Peg and Olive liked their new life. Olive got a job at a local high school working as the principal’s secretary—a position she was born to hold. Peg was hired at the same school to help run their theater department. The women didn’t seem unhappy about the changes. Their new apartment building (brand new, I should say) even had an elevator, which was easier for them, as they were getting older. They also had a doorman with whom Peg could gossip about baseball. (“The only doormen I ever had before were the bums sleeping under the Lily’s proscenium!” she joked.)

Troupers that they were, the two women adapted. They certainly didn’t complain. Still, there is poignancy for me in the fact that the Lily Playhouse was destroyed in 1950—the same year that Peg and Olive purchased their first television set for their modern new apartment. Clearly, the golden age of theater was now over. But Peg had seen that development coming, too.

“Television will run us all out of town in the end,” she’d predicted the first time she ever saw one in action.

“How do you know?” I asked.

“Because even I like it better than theater” was her honest response.

As for me, with the death of the Lily Playhouse I no longer had a home or a job—or for that matter, a family with whom to share my daily life. I couldn’t exactly move in with Peg and Olive. Not at my age. It would have been embarrassing. I needed to create my own life. But I was a twenty-nine-year-old woman now—unmarried, no college education—so what could that life be?

I wasn’t too worried about how I would support myself. I had a decent amount of money saved and I knew how to work. By that point, I’d learned that as long as I had my sewing machine, my nine-inch shears, a tape measure around my neck, and a pincushion at my wrist, I could always make a living somehow. But the question was: what sort of existence would I now lead?

In the end, I was saved by Marjorie Lowtsky.

By 1950, Marjorie Lowtsky and I had become best friends.

It was an unlikely match, but she had never stopped looking out for me—in terms of salvaging treasures from the bottomless Lowtsky’s bins—and I, in turn, had delighted in watching this kid grow up into a charismatic and fascinating young woman.
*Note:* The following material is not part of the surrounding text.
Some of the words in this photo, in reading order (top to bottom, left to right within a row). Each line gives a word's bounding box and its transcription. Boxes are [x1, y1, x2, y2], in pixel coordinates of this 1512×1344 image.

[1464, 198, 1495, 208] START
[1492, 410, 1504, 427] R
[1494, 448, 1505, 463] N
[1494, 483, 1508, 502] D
There was something quite special about her. Of course, Marjorie had always been special, but after the war years, she blossomed into an atomically energetic creative force. She still dressed wildly—looking like a Mexican bandito one day, and a Japanese geisha the next—but she had come into her own, as a person. She’d gone to art school at Parsons while still living at home with her parents and running the family business—while at the same time making money on the side as a sketch artist. She’d worked for years at Bonwit Teller, drawing romantic fashion illustrations for their newspaper ads. She also did diagrams for medical journals, and once—quite memorably—was hired by a travel company to illustrate a guidebook to Baltimore with the tragic title: So You’re Coming to Baltimore! So really, Marjorie could do anything and she was always on the hustle.

Marjorie had grown into a young woman who was not only creative, eccentric, and hardworking, but also bold and astute. And when the city announced that it was going to knock down our neighborhood, and Marjorie’s parents decided to take the buyout and retire to Queens, suddenly dear Marjorie Lowtsky was in the same position I was in—out of a home and out of work. Instead of crying about it, Marjorie came to me with a simple and well-thought-out proposal. She suggested that we join forces in the world, by living together and working together.
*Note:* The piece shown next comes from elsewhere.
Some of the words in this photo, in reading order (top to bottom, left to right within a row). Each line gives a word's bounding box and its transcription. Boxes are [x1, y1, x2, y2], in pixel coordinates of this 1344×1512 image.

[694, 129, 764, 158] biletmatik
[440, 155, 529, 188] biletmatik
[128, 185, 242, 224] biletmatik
Her plan—and I must give her every bit of credit for it—was: wedding gowns.

Her exact proposal was this: “Everyone is getting married, Vivian, and we have to do something about it.”
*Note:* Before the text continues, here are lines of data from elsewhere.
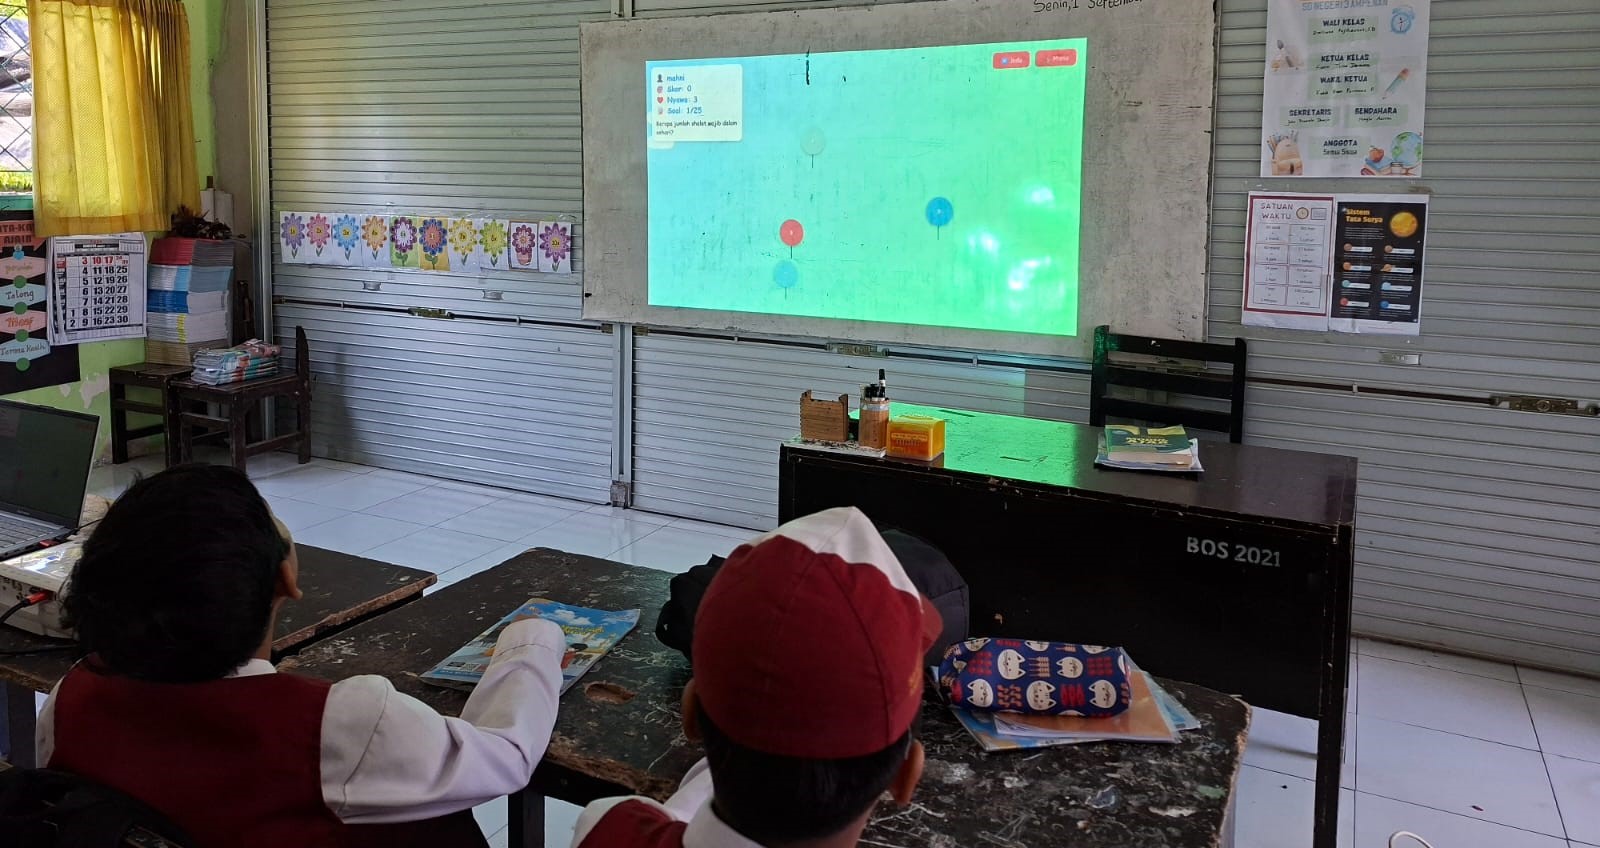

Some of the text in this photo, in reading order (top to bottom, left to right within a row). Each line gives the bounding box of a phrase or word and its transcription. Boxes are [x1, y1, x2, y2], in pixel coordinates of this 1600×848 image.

[5, 290, 34, 301] Tolong
[1186, 536, 1280, 567] BOS 2021
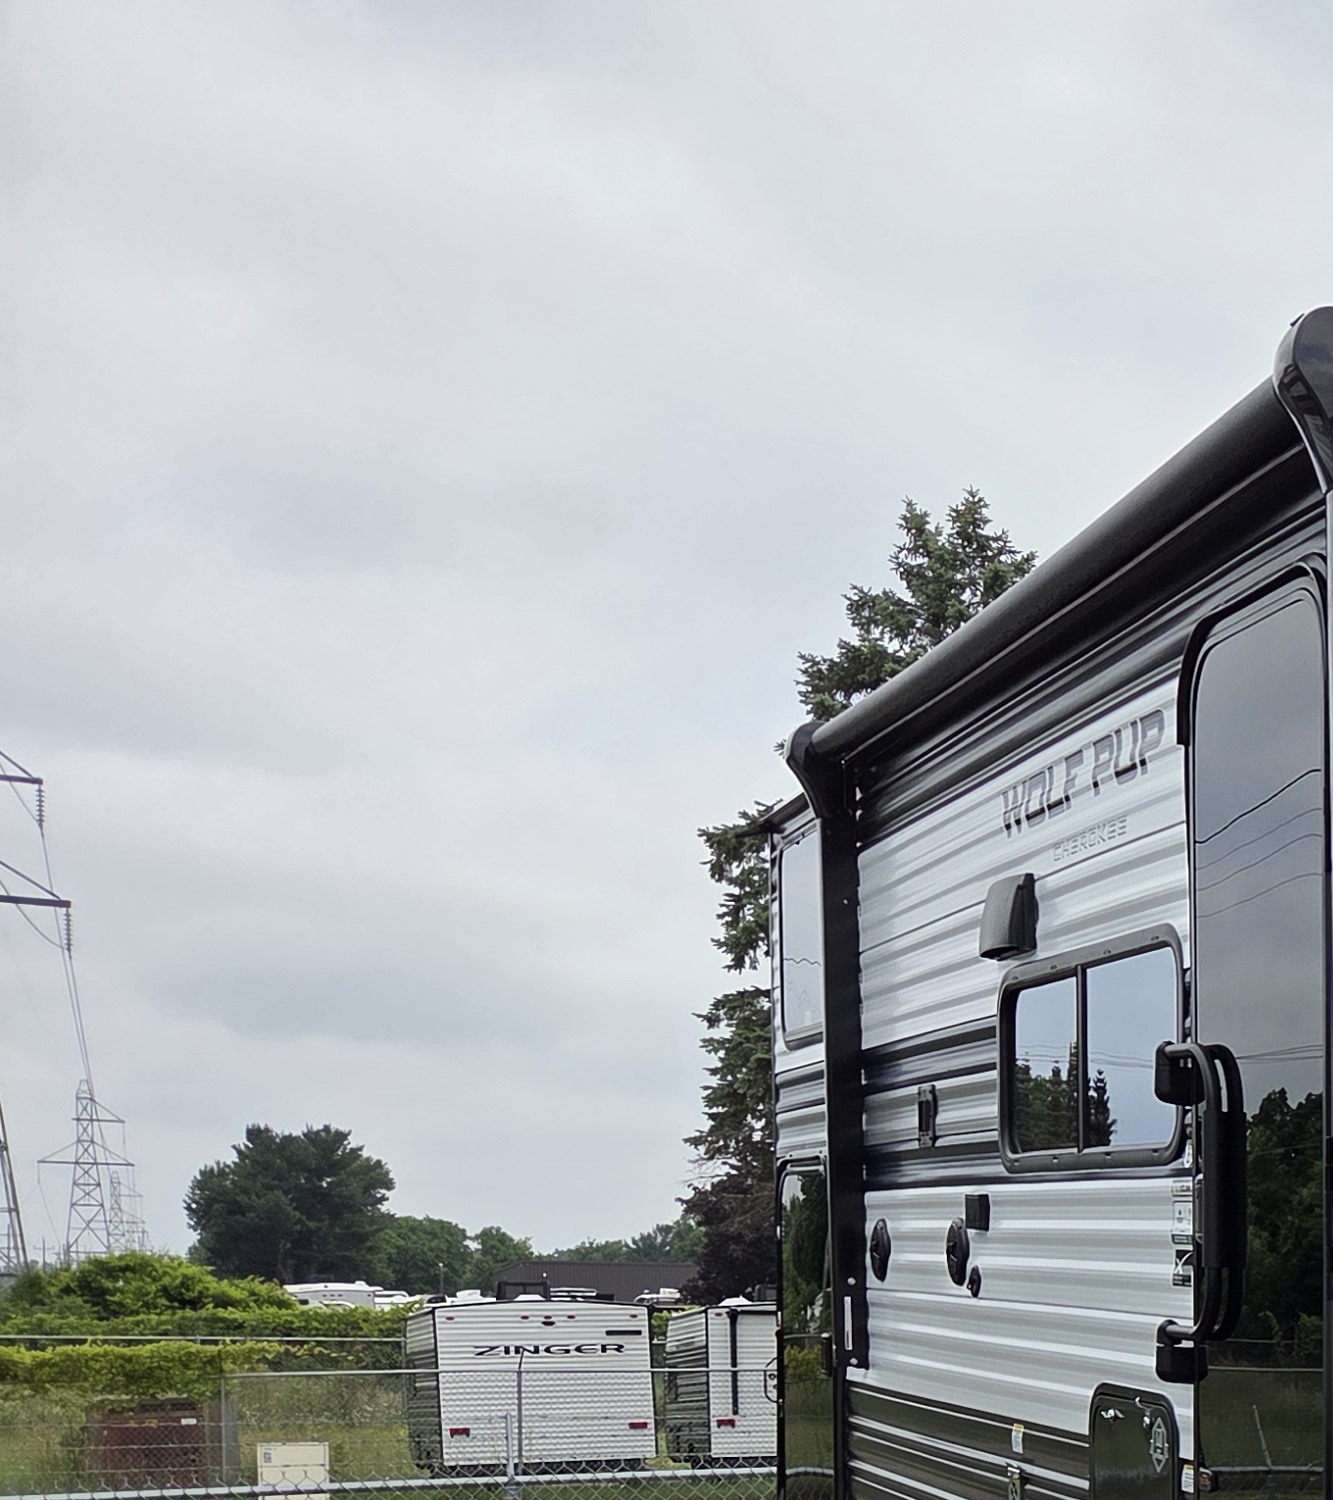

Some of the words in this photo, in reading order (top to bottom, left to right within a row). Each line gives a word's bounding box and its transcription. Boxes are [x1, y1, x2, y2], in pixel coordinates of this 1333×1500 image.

[1002, 748, 1084, 839] WOLF
[1092, 709, 1166, 797] PUP
[1052, 815, 1128, 862] CHEROKEE
[474, 1343, 626, 1357] ZINGER
She had taken me out to lunch at the Automat to talk about her idea. It was the summer of 1950, the Port Authority Bus Terminal was inevitable, and our whole little world was about to come tumbling down. But Marjorie (dressed today like a Peruvian peasant, wearing about five different kinds of embroidered vests and skirts at the same time) was shining with purpose and excitement.

“What do you want me to do about everyone getting married?” I asked. “Stop them?”